This referendum is a fight between the Greeks and Europe’s cruel capitalism - Sideloader
http://www.theguardian.com/commentisfree/2015/jun/29/referendum-greeks-europe-capitalism-greece-eurozone-economic-system

======
SCAQTony
Respectfully, since when was capitalism sweet? Here is a J.P. Morgan quote: If
you owe the bank $10,000 you have a problem. If you owe the bank $10-million
dollars the bank has a problem.

In California this Greece situation is weird to some of us since it is barely
bigger than L.A. County and its GDP is about 2/3s less. (I compared the GDP
and population of each place via Wikipedia)

Every dollar California pays to the federal government we only get back $0.78!
That is what richer states are suppose to do here, carry the weak. If we
don't, we lose territory and human resources. If Germany and France want to
run the show, they are going to have to pay.

Example, California ends up paying for poorer states suck as Mississippi, West
Virginia, Alabama, South Carolina, and New Mexico.
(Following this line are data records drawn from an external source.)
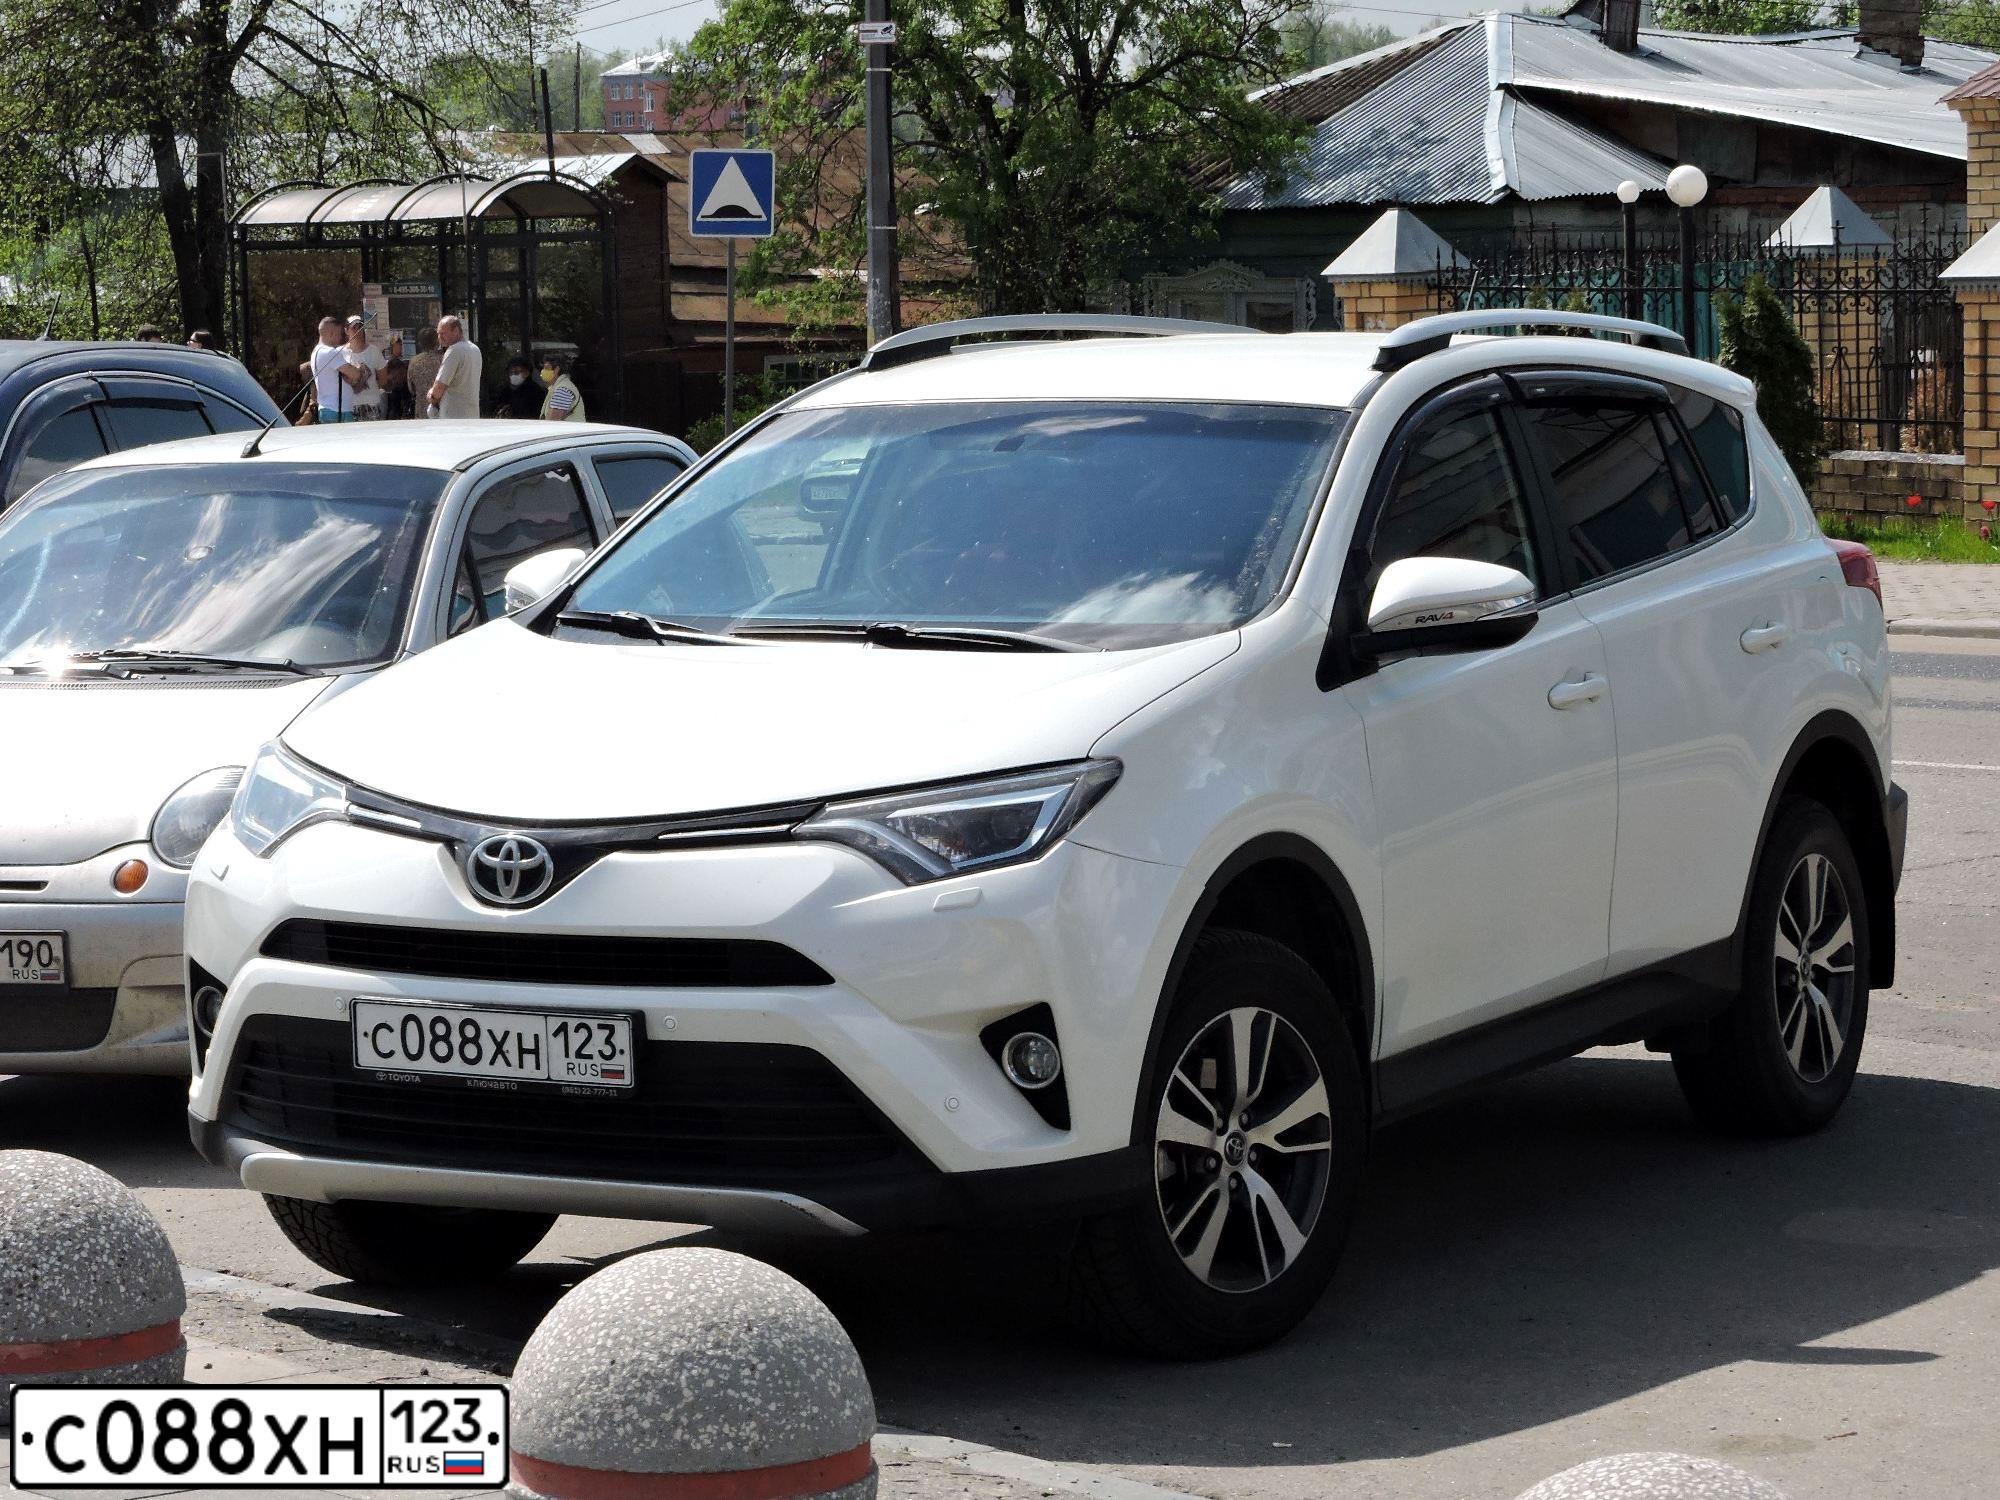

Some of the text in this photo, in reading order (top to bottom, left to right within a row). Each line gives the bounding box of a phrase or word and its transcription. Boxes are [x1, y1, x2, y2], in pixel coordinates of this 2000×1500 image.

[1415, 611, 1456, 625] RAV4
[0, 939, 53, 968] 190
[12, 969, 39, 980] RUS
[552, 1021, 617, 1061] 123
[566, 1062, 599, 1077] RUS
[388, 1072, 421, 1083] TOYOTA
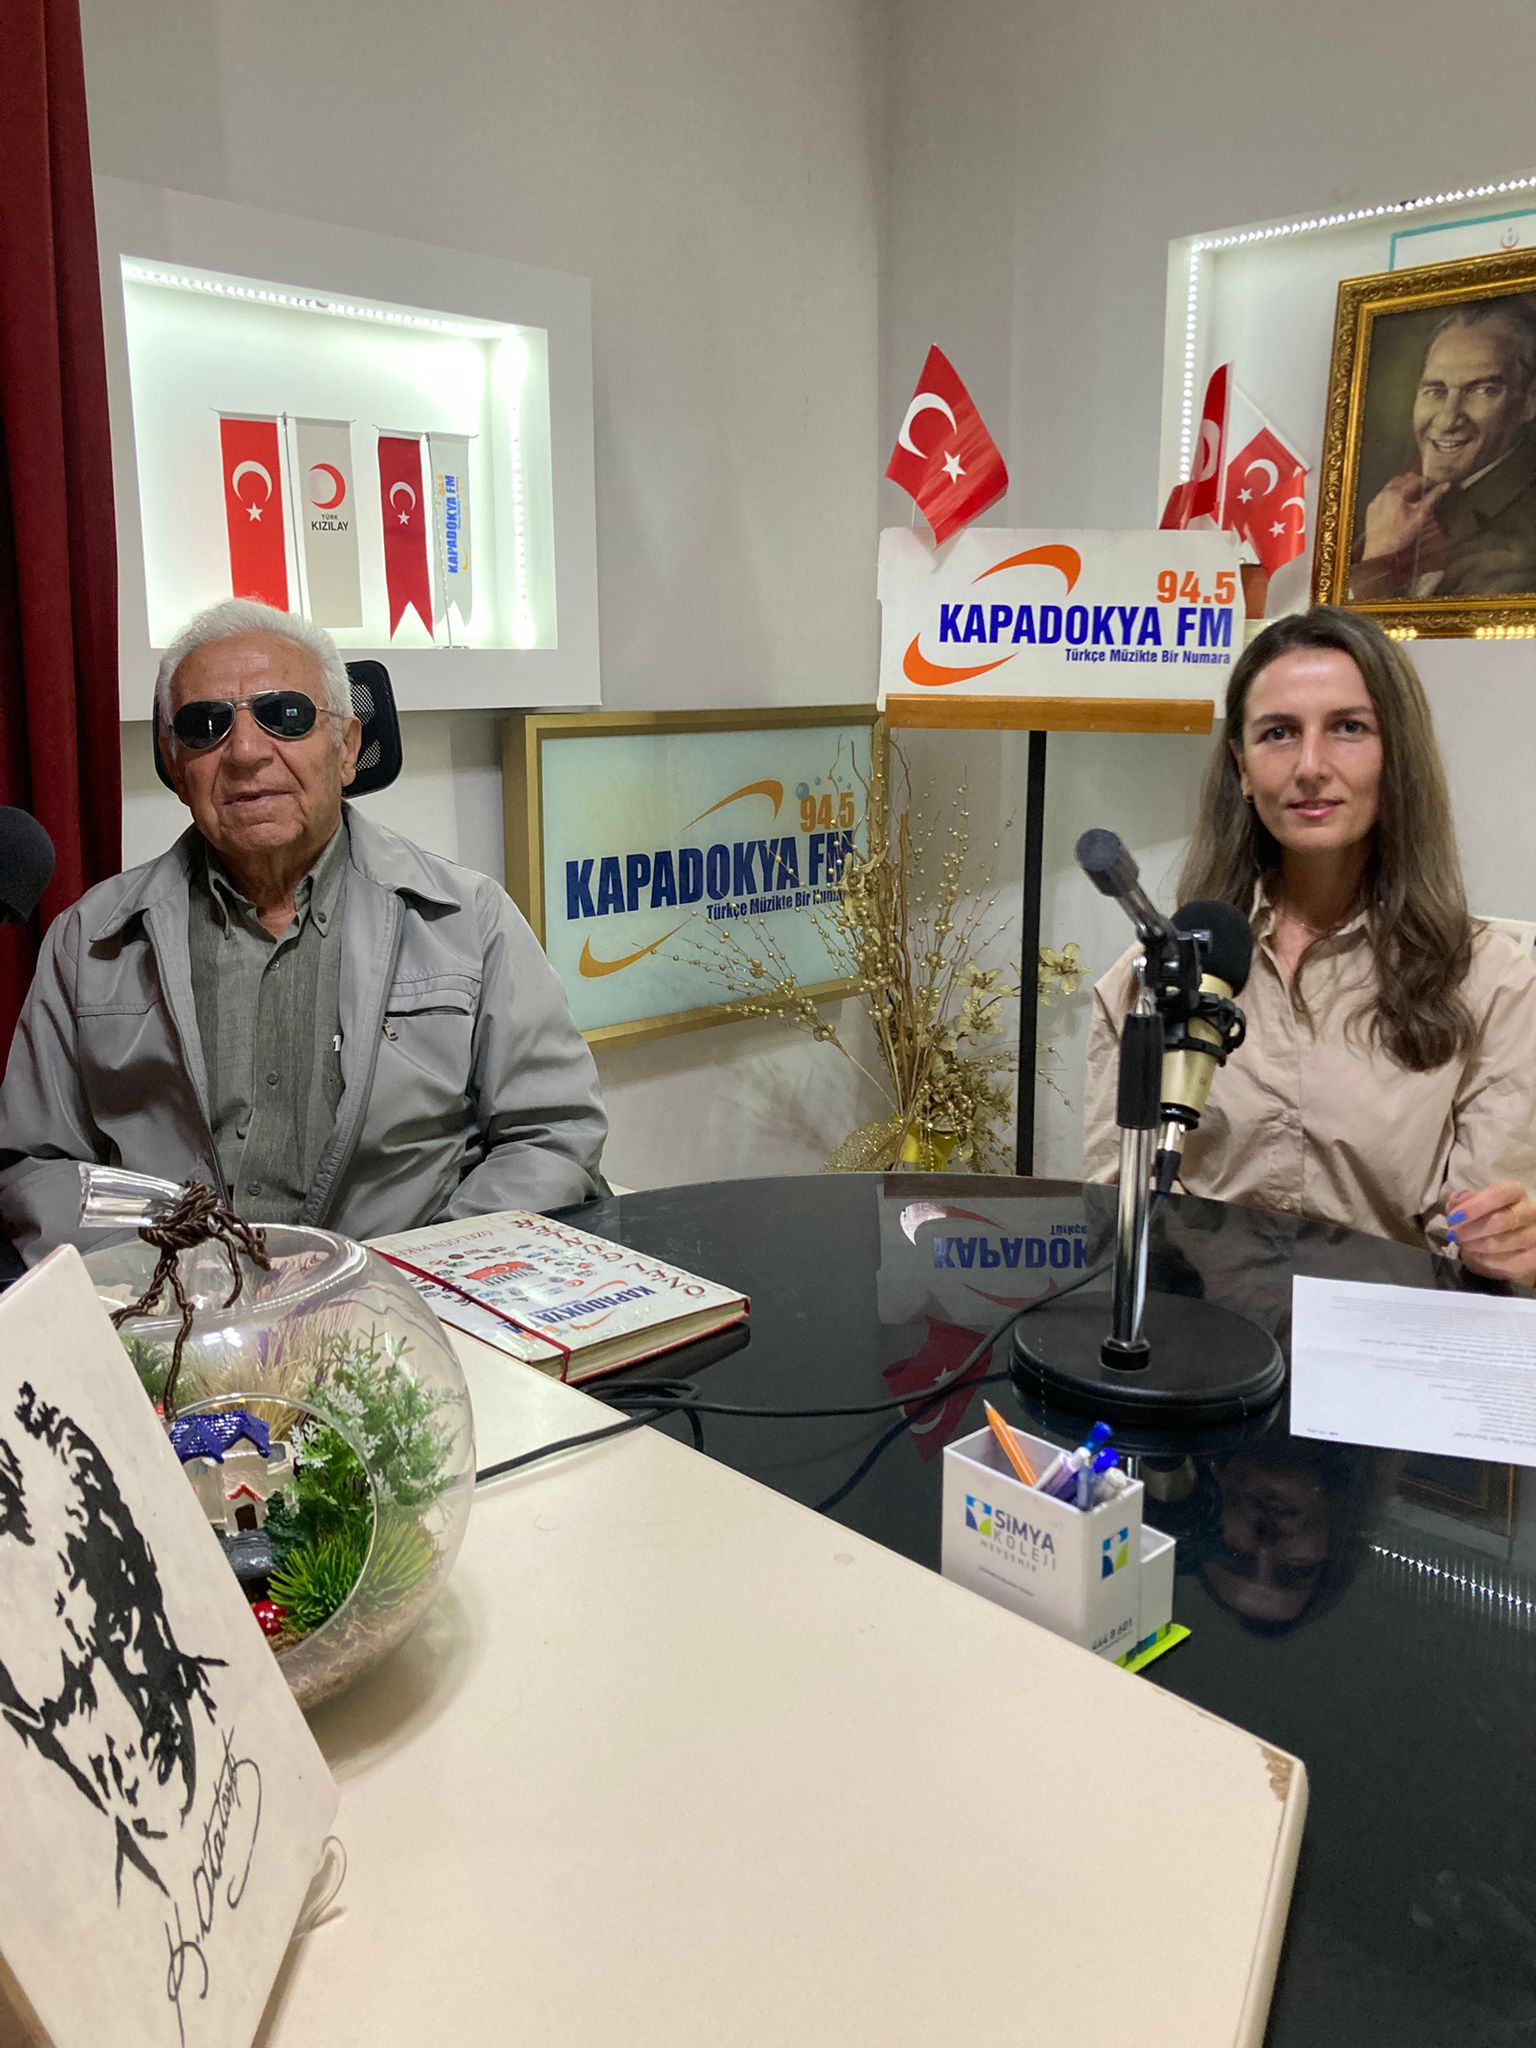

New Mexico is so poor that
it receives $2.02 cents for every dollar it sends out to the Federal Gov.
[http://visualeconomics.creditloan.com/united-states-
federal-...](http://visualeconomics.creditloan.com/united-states-federal-tax-
dollars/)

Germany the EU get a major strategic advantage with Turkey and the canal that
Russia has to travel through, do they really want to lose that territory from
the EU?